I love your assertion that literature can “make ghosts perceptible.” Your book, in its own way, also revives long-forgotten or suppressed voices. How does your teaching participate in this process? What has it been like to bring these ghosts into the classroom?

Jarvis: I’m teaching a seminar right now “Decolonizing Memory,” which deals more broadly with Africa and the politics of testimony. I let literary works and films create space for ghosts and hauntings in the classroom. It's painful and intense and raises a lot more questions than answers. And I learn so much from the students in my classes and the graduate students I work with. In fact, everything in the book is something I have taught and thought through with the students, and their insights have changed how I read.

This semester I taught the seminar in which we started and ended with that radioactive dust. Again, that unsettling experience of not knowing about the nuclear bombs is a starting point for the work that we do together. This palpable not knowing is because things have been systematically disappeared from memory. And so we ask: how do we account for the absence of knowledge and memory? The literary works and the films actually help to answer the question.

Which works of literature do you explore?

Jarvis: We read and watch so much, beginning with Assia Djebar’s “L’amour, La Fantasia,” the novel that I mentioned started everything for me. As they read, the students learn that between massacres, epidemics, famines, and all other colonial violence during the late 19th century, about one-third of Algeria’s 3 million inhabitants were killed.

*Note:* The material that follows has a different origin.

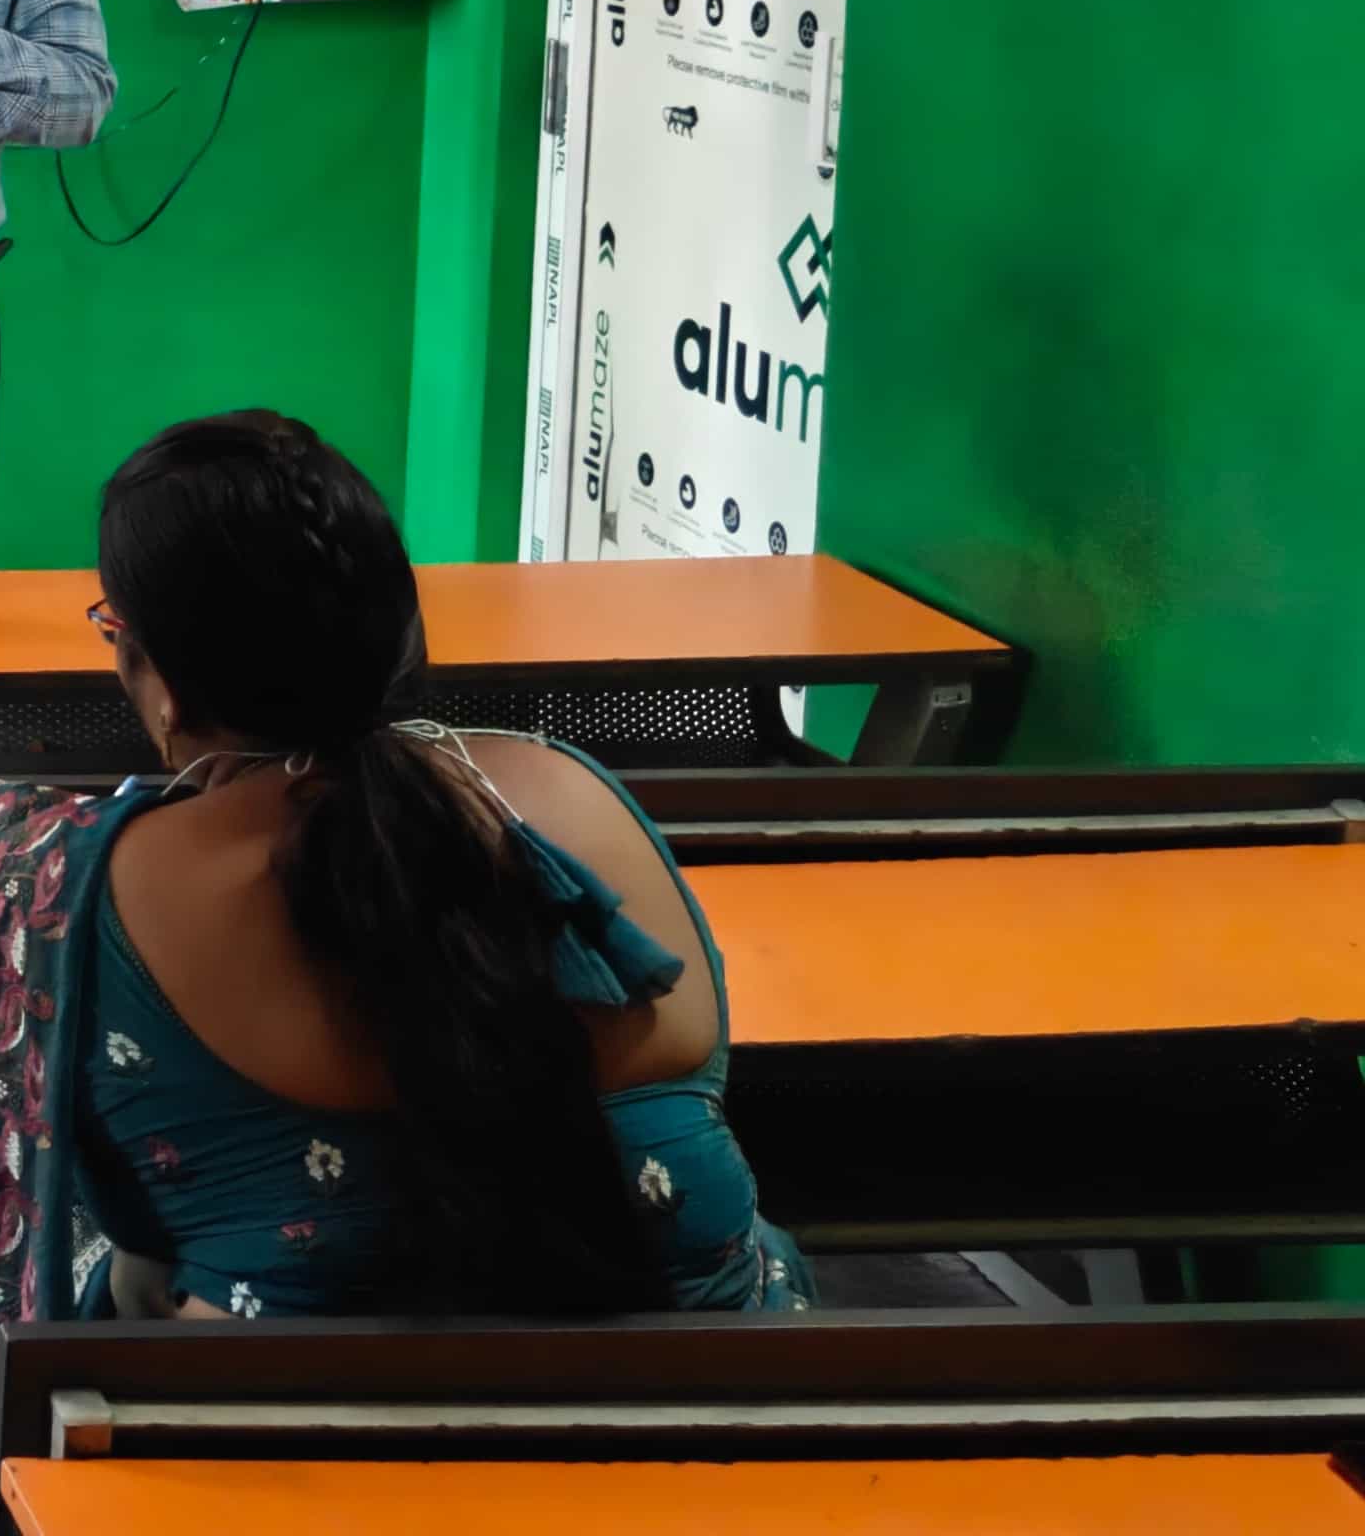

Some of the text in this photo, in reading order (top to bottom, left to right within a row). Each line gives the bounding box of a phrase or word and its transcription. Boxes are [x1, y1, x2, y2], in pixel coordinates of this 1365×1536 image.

[546, 269, 558, 328] NAPL
[583, 310, 610, 502] alumaze
[540, 419, 550, 476] NAPL

That absence, that radical destruction, haunts Djebar’s novel in this really profound way; in some ways, it is trying to account for these ghosts, these absences. In the novel a narrator wrestles with the problem of how to piece together an account of all of those ancestors who have been so violently erased from historical record. She confronts the silencing and actually quotes all of these 19th-century French generals and writers, bringing them into the literary text and confronting the problem of how to animate this [period] and how to find traces of all of those who've been lost. She doesn’t try to reanimate all of her lost ancestors. She sort of listens, transcribes, translates. She talks directly to the dead and in the poetics of the text there is a repetition of different sounds that, if you read them out loud, evoke the verb “to scream” (crier) in French. This cry or scream starts to echo through the text and generates a subterranean clamor that is underneath the lines of Djebar’s prose, as if there are ghosts in there crying out. These stylistic devices create a kind of phonic haunting.

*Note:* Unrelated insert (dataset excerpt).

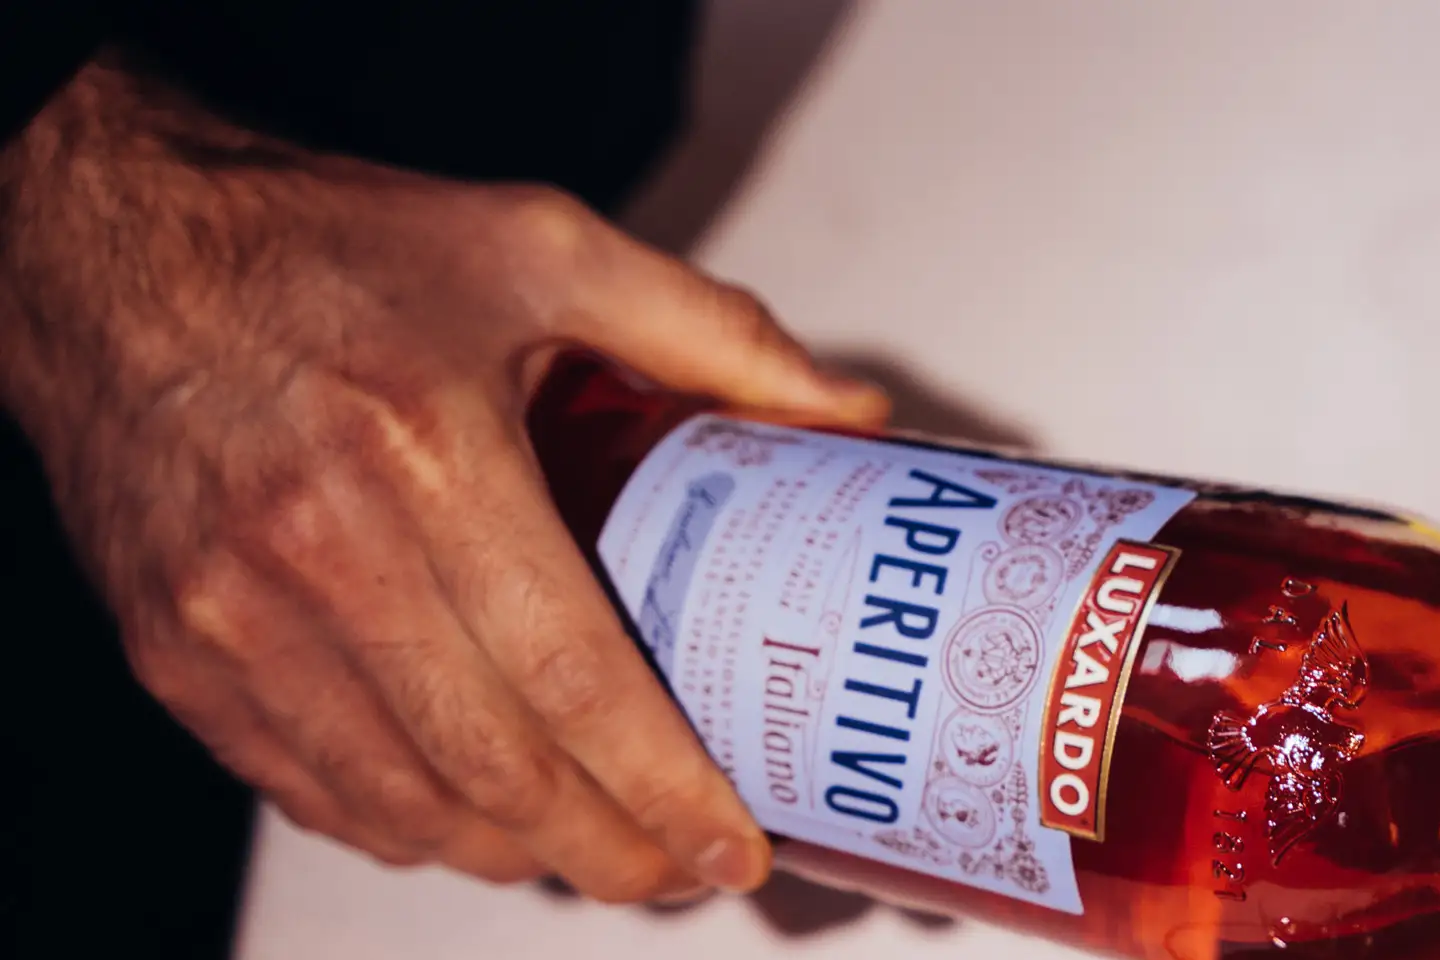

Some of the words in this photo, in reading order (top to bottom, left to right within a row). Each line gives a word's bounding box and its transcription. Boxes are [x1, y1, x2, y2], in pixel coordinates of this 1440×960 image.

[763, 635, 821, 804] Italiano
[824, 468, 998, 826] APERITIVO
[1048, 551, 1158, 818] LUXARDO

In the middle of the novel, an unbearable — but terribly non-fictional — scene takes place: the author reconstructs from archival records a massacre in which the French round up an Indigenous tribe and chase its people into a cave and set the cave on fire in an act called an enfumade. The only written records of these massacres are the ones left by the generals and the military officers themselves, so Djebar reconstructs the events through their records. And as you read, you come to realize that the screams and cries that have been echoing through the lines are anticipating this moment in the text. The novels itself is haunted sonically by the screams of those who are lost in this horrific murder.

The text doesn’t provide access to them. It doesn’t try to imagine from their point of view. It marks that loss and grapples with it. The text itself is sort of a prayer to be haunted and to let those voices arrive, insistent and disturbing from another place and time, like ghosts. And then the question is: how do you reckon with that which history has, to quote Avery Gordon, “rendered ghostly?” Those are the questions the novel activates. Every work we study in the course raises such questions, in different forms.